== Provided records
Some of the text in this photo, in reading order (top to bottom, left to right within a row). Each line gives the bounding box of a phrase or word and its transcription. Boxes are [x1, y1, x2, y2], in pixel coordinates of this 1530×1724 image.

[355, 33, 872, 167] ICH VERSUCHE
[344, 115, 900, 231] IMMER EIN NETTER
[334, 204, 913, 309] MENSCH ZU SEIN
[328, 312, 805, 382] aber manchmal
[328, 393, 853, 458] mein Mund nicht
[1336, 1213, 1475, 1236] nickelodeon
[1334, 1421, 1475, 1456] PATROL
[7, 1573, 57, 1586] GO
====
▶ [Your goal] Give back all the records above exactly. Keep every word.

▶ [Exercise output]
Some of the text in this photo, in reading order (top to bottom, left to right within a row). Each line gives the bounding box of a phrase or word and its transcription. Boxes are [x1, y1, x2, y2], in pixel coordinates of this 1530×1724 image.

[355, 33, 872, 167] ICH VERSUCHE
[344, 115, 900, 231] IMMER EIN NETTER
[334, 204, 913, 309] MENSCH ZU SEIN
[328, 312, 805, 382] aber manchmal
[328, 393, 853, 458] mein Mund nicht
[1336, 1213, 1475, 1236] nickelodeon
[1334, 1421, 1475, 1456] PATROL
[7, 1573, 57, 1586] GO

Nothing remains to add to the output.